Lola Loquacious slides up through the audience, sashaying a multi-colored pastel tulle skirt as she stops at a few lucky spectators to seductively pull lollipops from her bejeweled cotton-candy pink corset.

Cameo’s 1986 hit (or synth-pop monstrosity) “Candy” blares as Loquacious hits the stage. Her tulle skirt is the first to go in a swirl of ethereal fluff. She’s carrying an oversized rainbow lollipop, which she licks with deliberate, confident glances at the audience.

She turns to unhook her corset, looking back over her shoulder before tossing it to the side. To hollers and applause from the audience, she holds her breasts in her hands as she turns around to reveal sparkly pink pasties. She returns through the crowd, laughing and still handing out candy.

Loquacious is one of the founding members of Brown Sugar Cabaret, Kansas City’s only burlesque troupe in which most, if not all, of the performers are people of color.

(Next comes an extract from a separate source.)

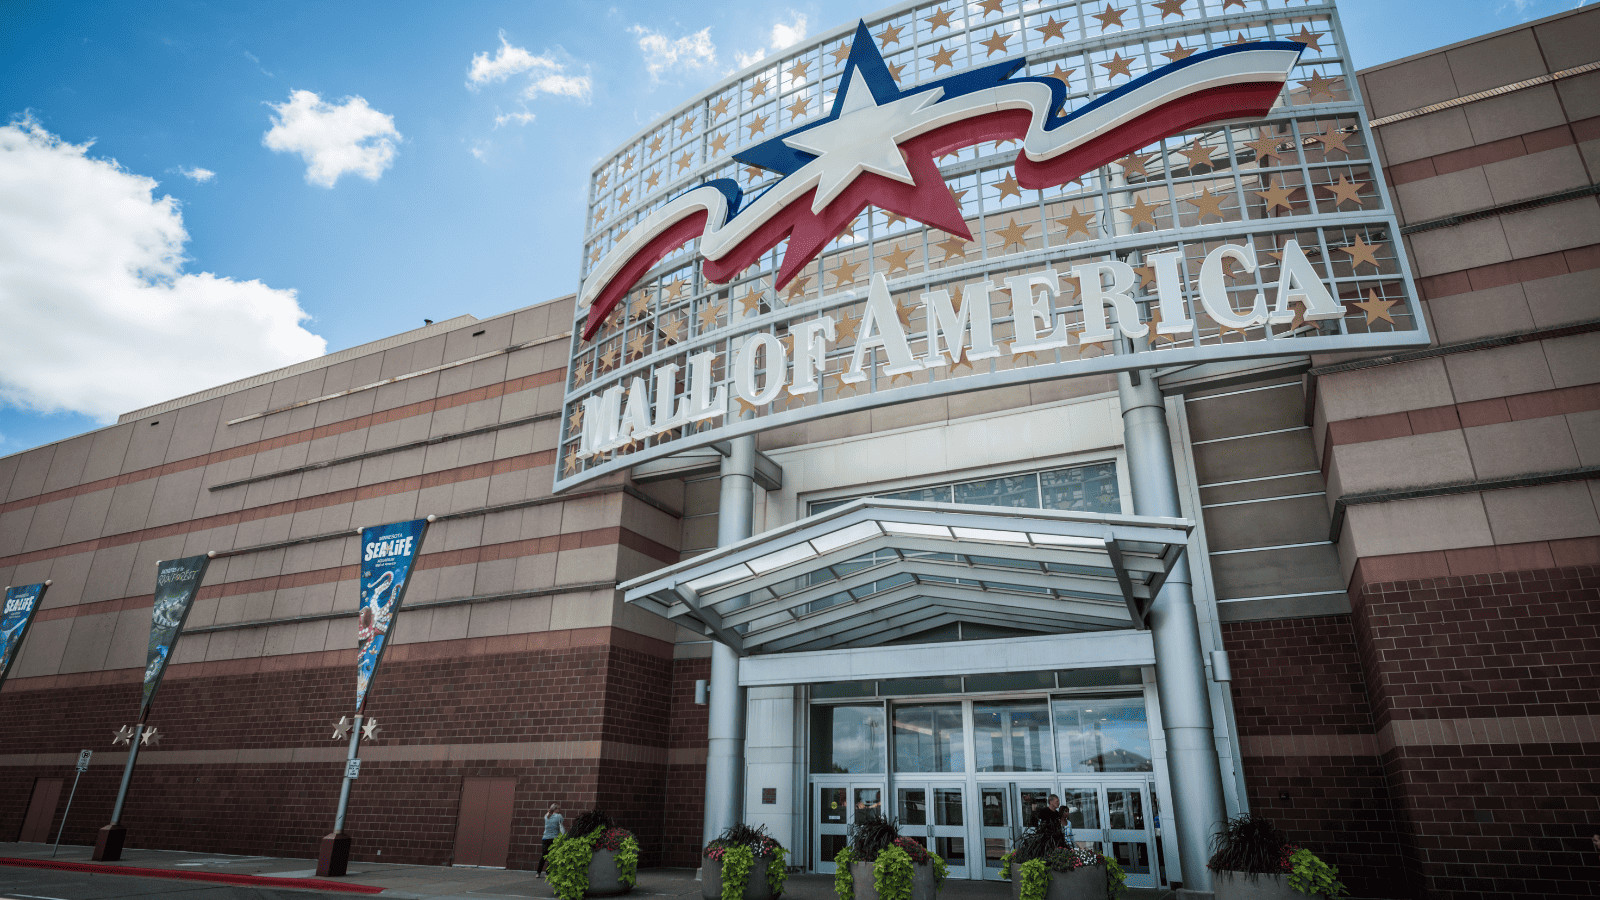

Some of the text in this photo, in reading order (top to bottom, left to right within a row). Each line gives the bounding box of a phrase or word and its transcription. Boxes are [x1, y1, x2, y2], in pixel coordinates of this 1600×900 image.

[576, 239, 1347, 460] MALL OF AMERICA
[364, 541, 387, 561] SEA

By establishing themselves in this particular brand of performance art, they've joined a Kansas City tradition that dates back more than a century.

“For quite some time, that there weren’t many — if any — people of color represented well within in the burlesque industry here in Kansas City,” says the troupe’s matriarch, whose stage name is Yvonne De Attatime and is also known as Mother Earf.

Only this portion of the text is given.